Warning for abstract.


The third week of July was a week of both beginnings and endings for Kanda Yuu. For it was during the third week of July that Kanda came to know, very suddenly and with a curious clarity, the exact day that he would die.

It was summer at the Order, which is to say that it was never summer at the Order-the moody sky around the island stayed moody as ever and easily provoked, prone to humid rains, uneasy seas, and a constant pall of gray sun-and, in the recent wake of his revelation, an ambivalent, empathic mirror to Kanda himself.

One petal left.

The morning spilled onto Kanda's bedsheets from the window, ugly and damp; dull blues, stifled neutrals, and moments of glaring white reflected back at him his own jaded futility-his frustrated revulsion, his tragic inevitability, and his underlying sense of exhausted relief.

There were more things in him which raged and murmured with the rest, but those were the unfamiliar things he wasn't used to naming, and the conflicted things which came and went and replaced each other as the days passed towards the day of significance.

Kanda mechanically dressed in black and mechanically made up his white sheets, reflecting to himself that despite their contrast they might in the end just both be shades of gray. Gray, gray, and more gray-but soon the gray would be over.

Kanda had seen it-his death was a painted day, full of idylls and picturesques, and as blue as the first time he remembered ever seeing the sky. When it first appeared in his dreams, Kanda had thought it was one of Tiedoll's acrylic landscapes brought to life by his subconscious. But he had continued, in a fevered sort of way, to dream of the day-what it would look like, what noises could be recognized from the background sound, what smells would be in the air.

At first it had been flashes, brief incomprehensibilities which he had neither been able to seize or relate to each other, but the puzzle he hadn't known he was putting together had at an indiscernible moment become a picture, undeniable and sharply vivid.
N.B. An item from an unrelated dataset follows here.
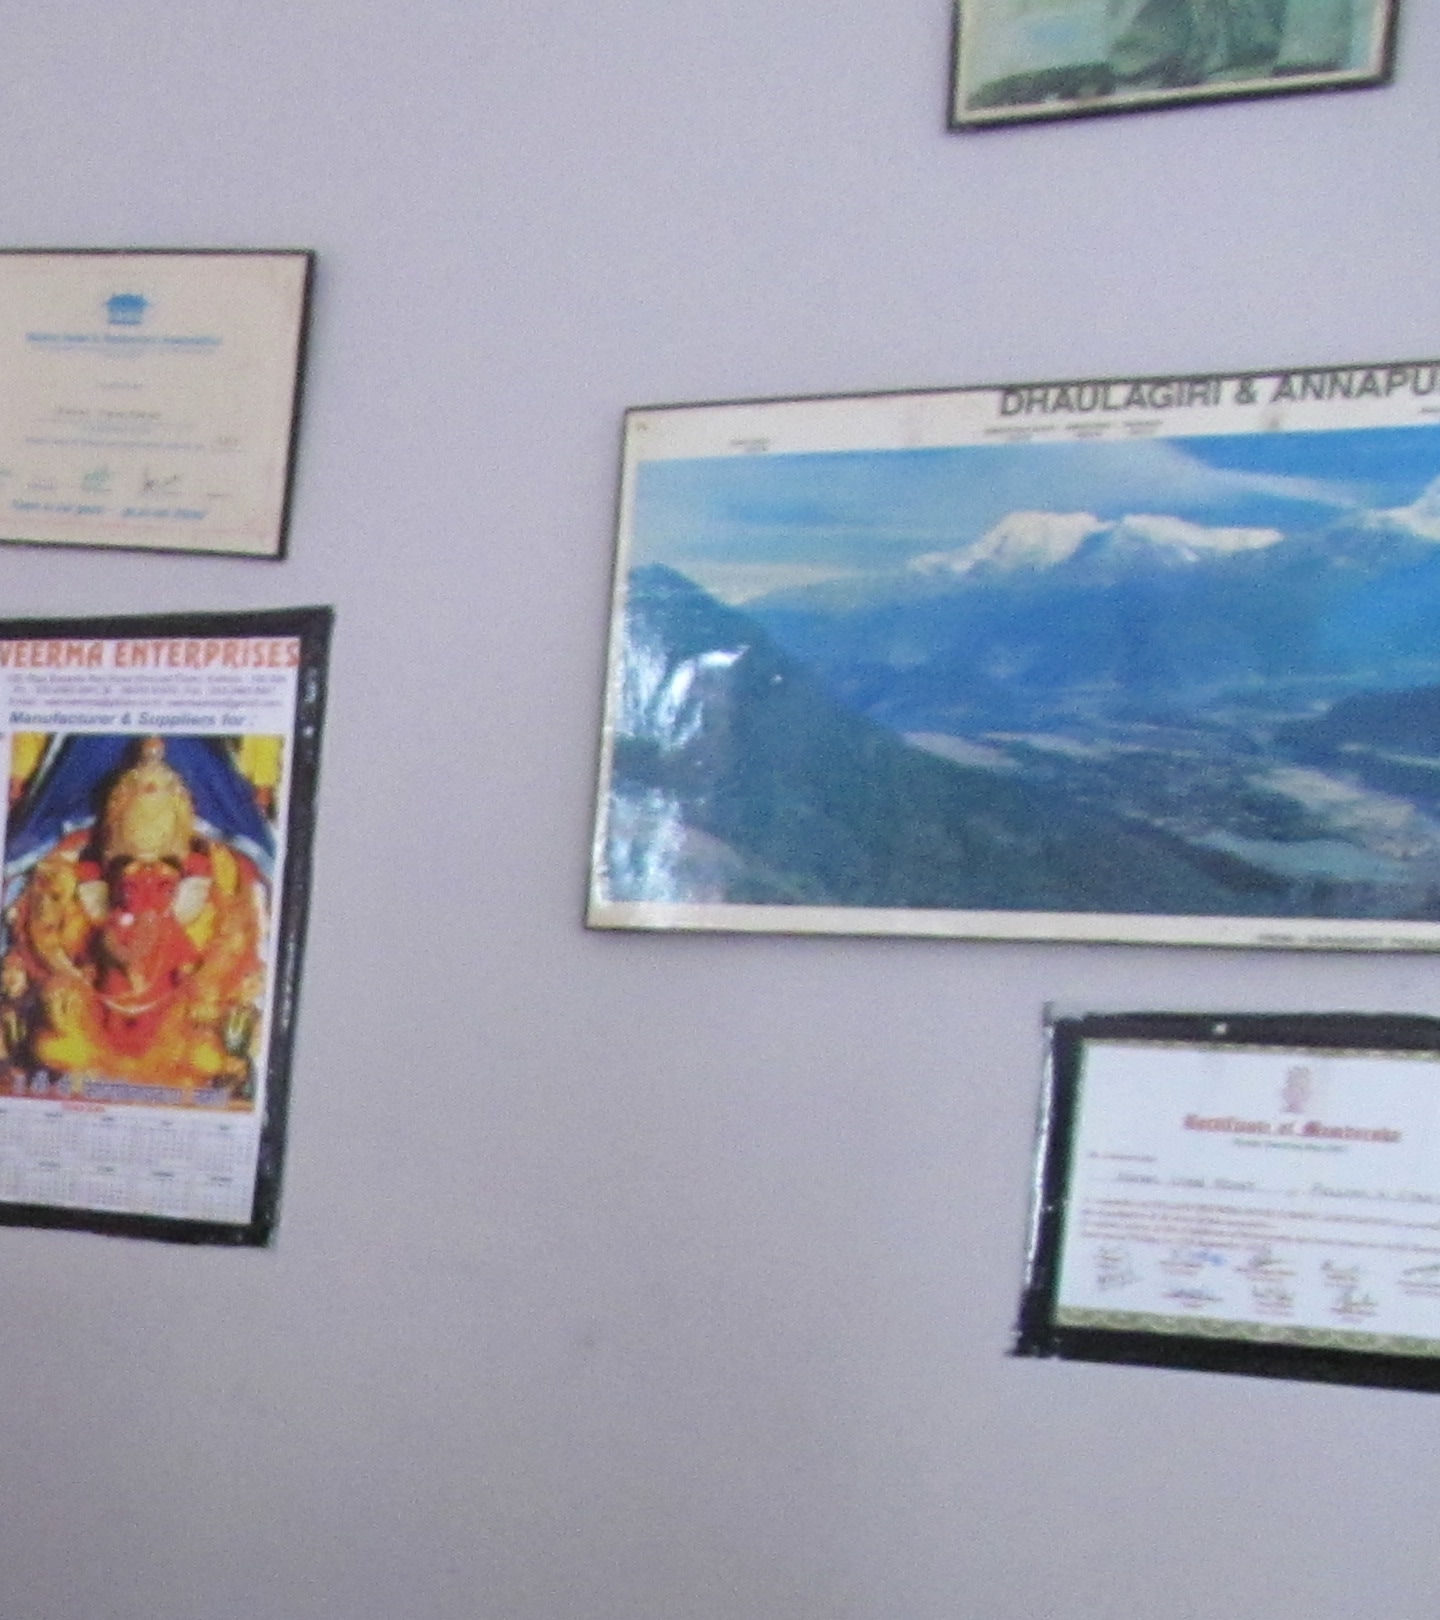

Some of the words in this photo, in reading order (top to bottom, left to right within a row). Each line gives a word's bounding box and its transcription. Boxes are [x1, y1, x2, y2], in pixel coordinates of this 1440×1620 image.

[999, 378, 1219, 416] DHAULAGIRI
[1235, 377, 1257, 405] &
[115, 639, 300, 669] ENTERPRISES
At first, in fact, Kanda hadn't even been able to remember it awake-he had only found himself blundering into consciousness in his bed with his face turned on instinct to the only corner of his room with light: the corner where the lotus shed its colorless, preternatural glow.
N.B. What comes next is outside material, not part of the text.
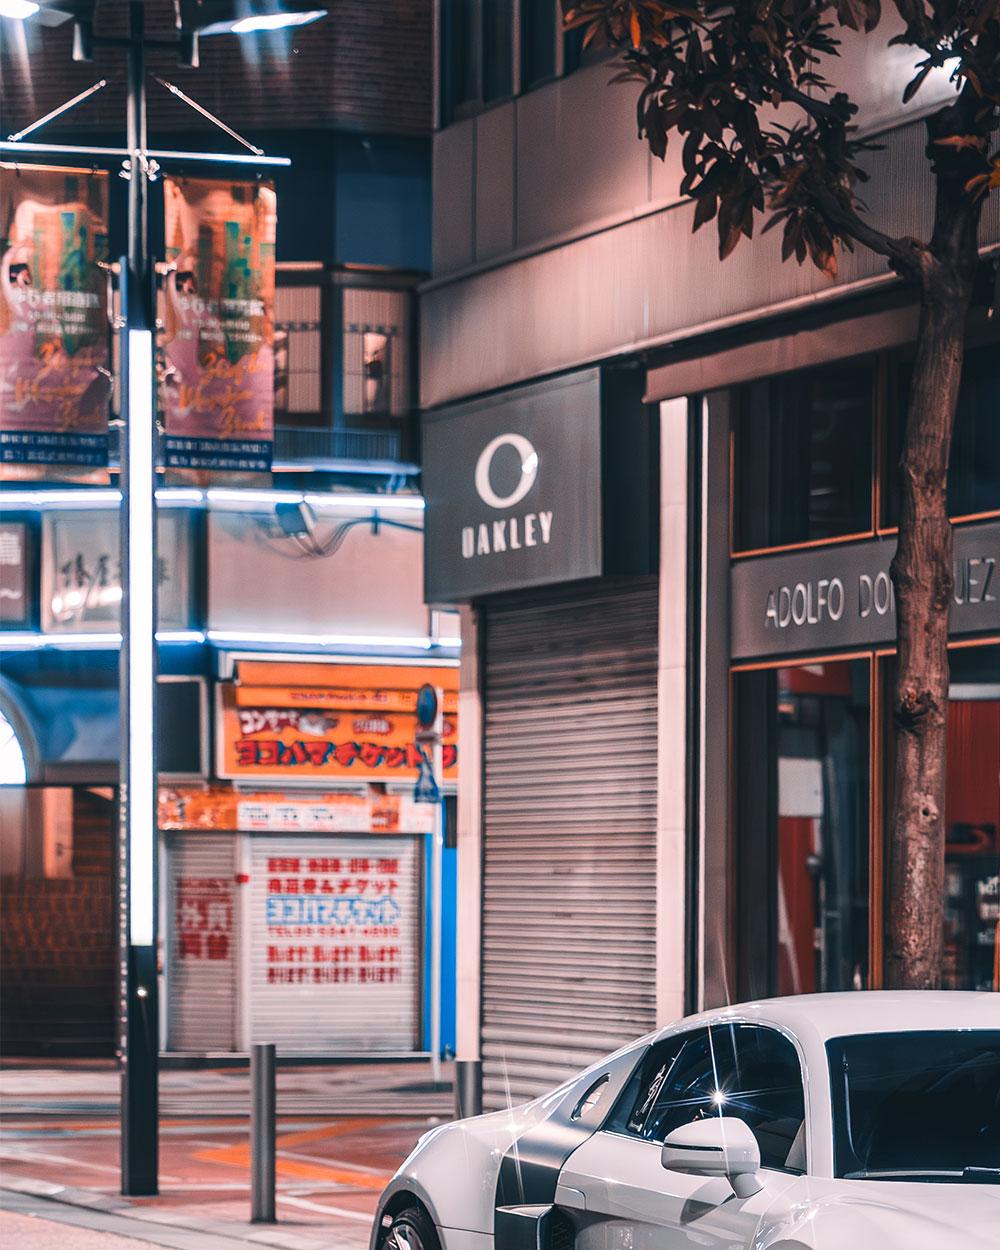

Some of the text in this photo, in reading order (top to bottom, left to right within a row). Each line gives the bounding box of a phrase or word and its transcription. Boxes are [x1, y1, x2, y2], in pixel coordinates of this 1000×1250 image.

[462, 511, 553, 558] OAKLEY
[764, 558, 996, 628] ADOLFO DOUEZ
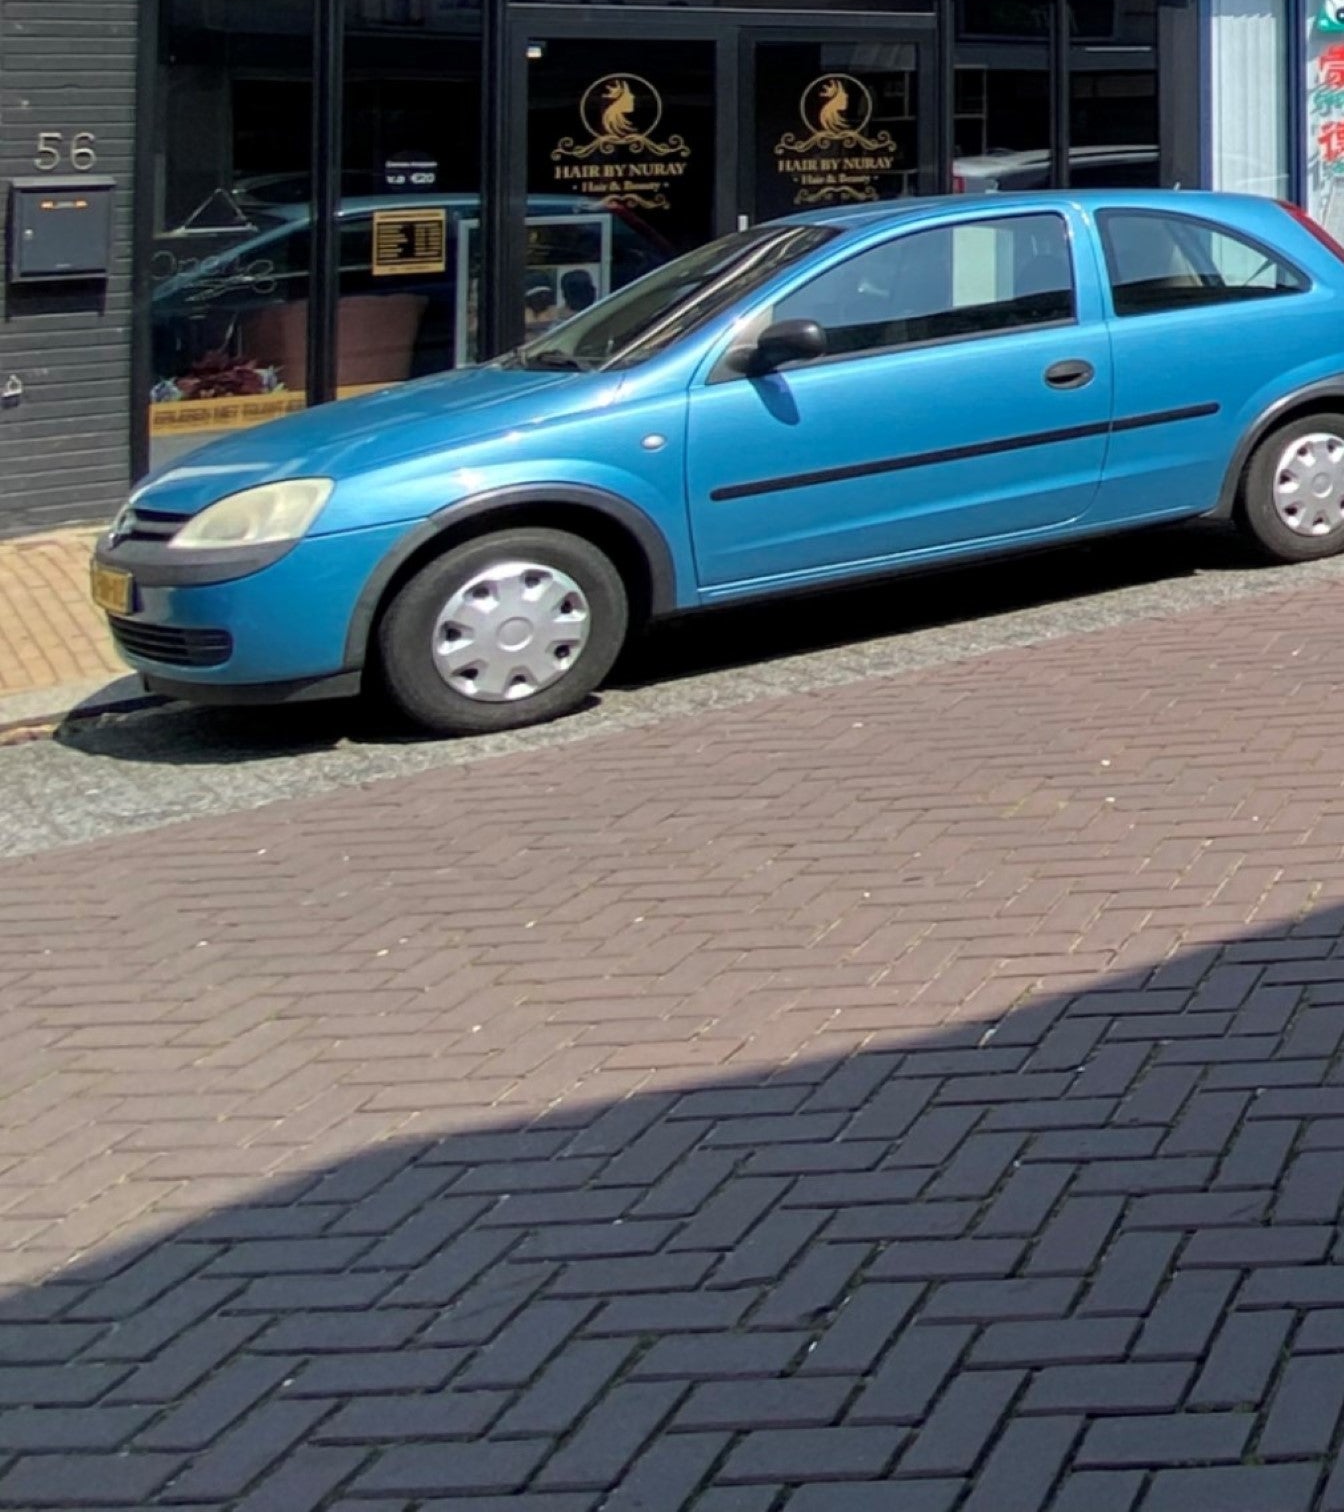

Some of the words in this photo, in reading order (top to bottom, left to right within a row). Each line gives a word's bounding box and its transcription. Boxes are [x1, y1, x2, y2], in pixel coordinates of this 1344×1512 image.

Kanda had figured out in short order that it was the lotus which controlled his dreams. The lotus controlled everything.

Except there was no lotus anymore, just a single peel of its white-pink flesh, drifting and unconnected. It had been this way since July had begun, and incidentally, so had Kanda.

The day drew closer all the time-since the dream reoccurred in new details every night, he knew it did. Kanda did not try to make it come quicker or slower because he did not know which he preferred. Instead, he lost himself in mundane tasks, day after day. Pulling on his boots, and it was closer, clicking his bedroom door shut behind him, and it was closer, passing someone in the hall, and it was closer.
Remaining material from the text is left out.